だからこそ、彼らの誘いに乗ることにした。
「いいですよ」
「やったのじゃ!」
「して、お主。何者なんじゃ?」
「ええ。ここの神官ですが」
「やったわ!!」
「おい!Kumomi声がでとるぞ」
「ポン爺だって、出てたわよ」
そんな掛け合いを始める2人
(あやしいことこの上ないんだけどなぁ)
(他に頼れる伝は、ないし用心しながら着いていくか)
そして、毛玉達と移動をはじめるリック
リックが自身のコントラクトの技術を思い出し、神器 剣の柄を失うきっかけになった冒険談は、また、別のお話し。
——————-
「何これ?ありえないんだけど」
あまりの事態に端末を落とすトロン
「っと!危なかったですよ。トロン様」
端末を寸前のところでキャッチし、彼女に手渡したのは、撤退時の報告をした兵士だった。

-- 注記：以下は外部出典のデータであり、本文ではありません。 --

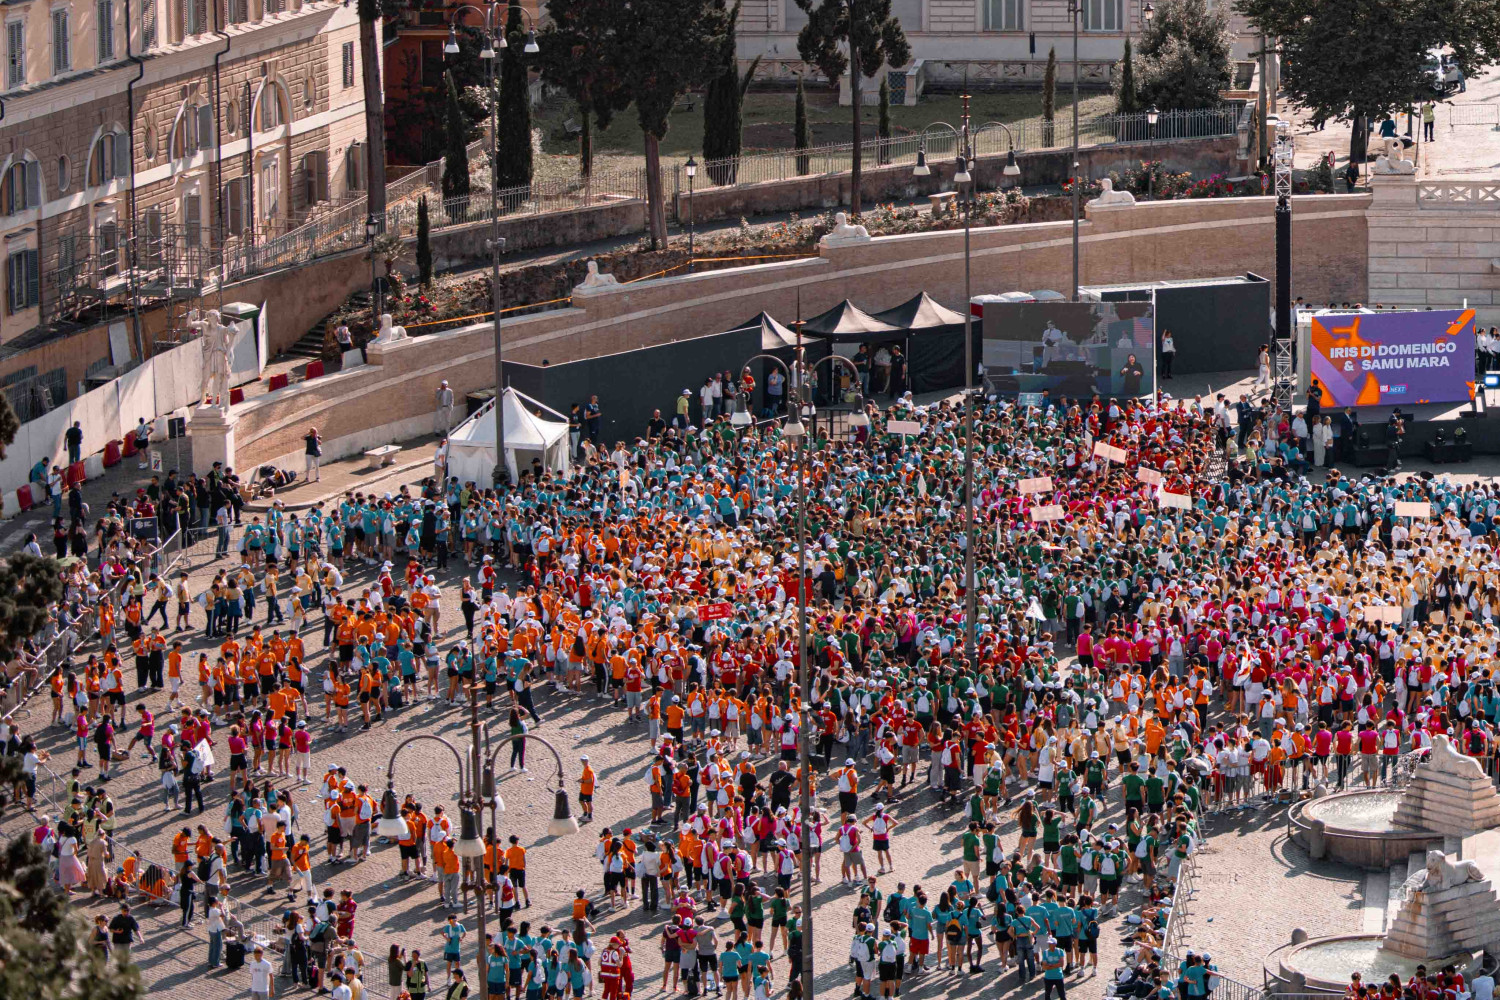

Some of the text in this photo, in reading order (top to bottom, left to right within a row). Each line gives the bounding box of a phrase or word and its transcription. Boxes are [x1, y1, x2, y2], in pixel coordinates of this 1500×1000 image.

「ないわ。ないわよ!あいつがどれだけの使い手かわかってるの!?」
叫び声を上げるかの様に兵士へ抗議するトロン。
その声は、ExAのフロア中に響いていた。
「どうしたの?トロン」
「デイジー!な、なんでも」
咄嗟に取り繕う様に小声になるトロン
「うそよ。普段の貴女からは、考えられない声量だったわ」
「うう」
「話してごらんなさい」
「うん」
——————-
一通り話終わると、落ち着いたのか、水を一気に飲むトロン。
「なるほどね」
「貴女の部隊、Tron Lynxの隊長がやられたのね」
「彼に家族は?」
「別れた妻と子が1人」
それを聞くと、デイジーはNFTを取り出してそこに数値を記入していく。
「これを。少ないかもしれないけれど。大切なご家族の足しになったのならば」
そこには、大量のゼロが書かれていた。
「デイジー、ありがとう」
「いいのよ。むしろ、彼の勇敢さに助けられたのよ私たち」
「そこの貴方」
「はっ!」
それまで控えていた兵士が返事をする。
「これを隊長さんのご家族に」
「それと、これは、貴方達に」
「いいのですか!こんなに」
兵士達へと書かれたNFTにも大量のゼロが書かれていた。
「ええ。貴方達の活躍のおかげで、私達は、生きて帰って来れたのだから」
そう言って、デイジーは、丁寧にお辞儀をした。
「ありがとうございます!」
感極まったのか、泣きそうな声で答える兵士
「あなた達。これからも、励みなさい。デイジーの為に」
「はっ!」
「さぁ、あなたは席を外して頂戴」
トロンは、兵士を退出させるとデイジーにしなだれかかった。